Work task: Print all the data that follows exactly, images excluded.

*** Opening of Records for this exercise ***

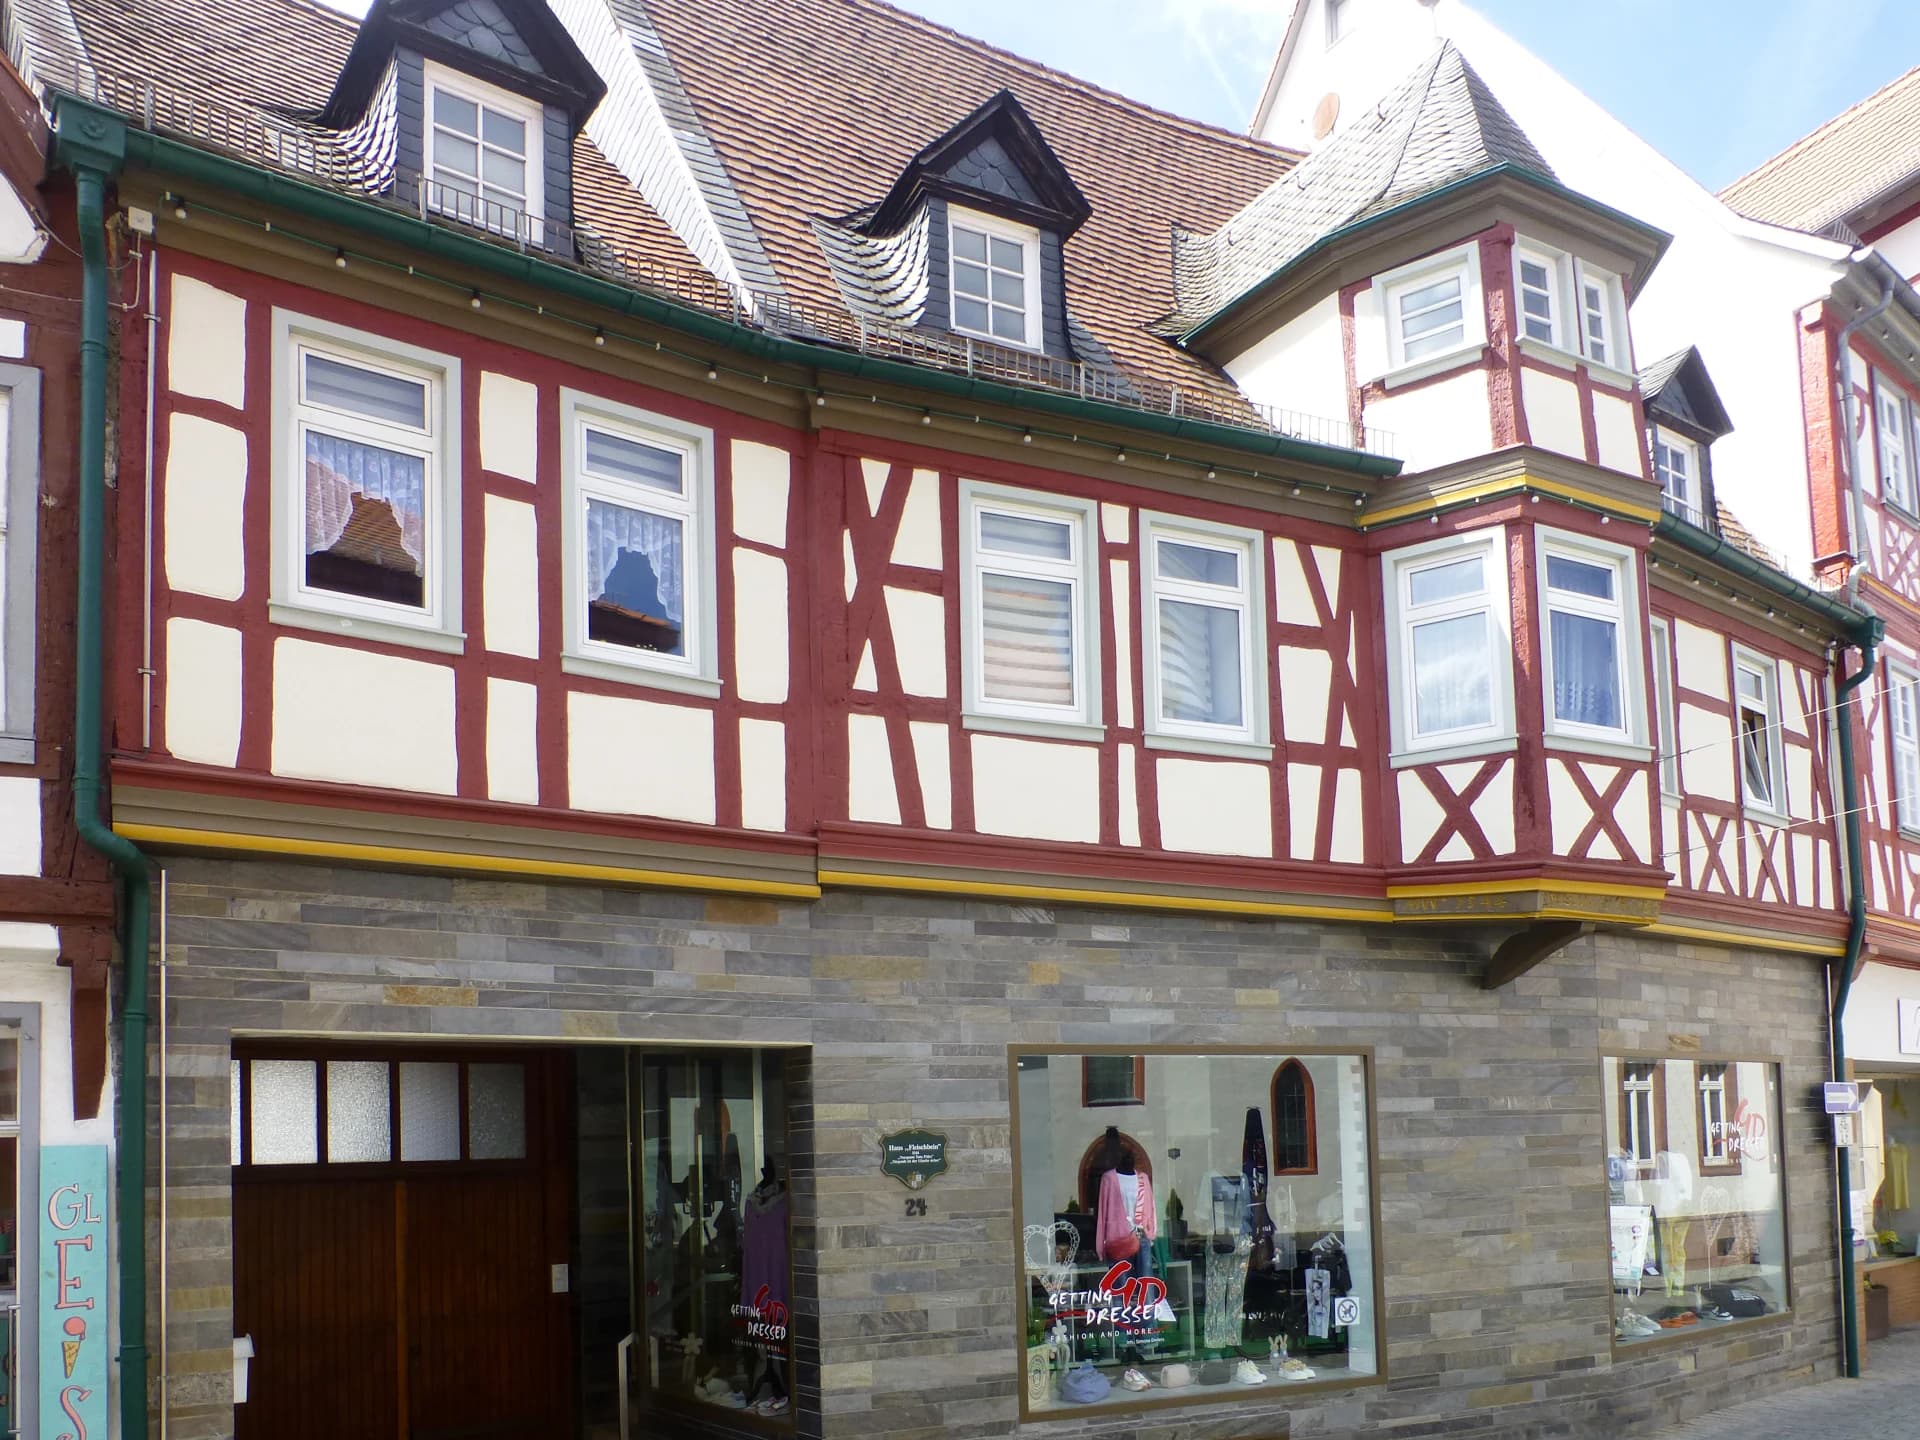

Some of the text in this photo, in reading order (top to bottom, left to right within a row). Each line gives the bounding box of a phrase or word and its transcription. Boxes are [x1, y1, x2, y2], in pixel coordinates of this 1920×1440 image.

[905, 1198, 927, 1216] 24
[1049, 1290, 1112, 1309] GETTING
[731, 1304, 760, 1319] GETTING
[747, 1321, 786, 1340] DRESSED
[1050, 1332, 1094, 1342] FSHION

*** Close of Records for this exercise ***

Response to this exercise:
Some of the text in this photo, in reading order (top to bottom, left to right within a row). Each line gives the bounding box of a phrase or word and its transcription. Boxes are [x1, y1, x2, y2], in pixel coordinates of this 1920×1440 image.

[905, 1198, 927, 1216] 24
[1049, 1290, 1112, 1309] GETTING
[731, 1304, 760, 1319] GETTING
[747, 1321, 786, 1340] DRESSED
[1050, 1332, 1094, 1342] FSHION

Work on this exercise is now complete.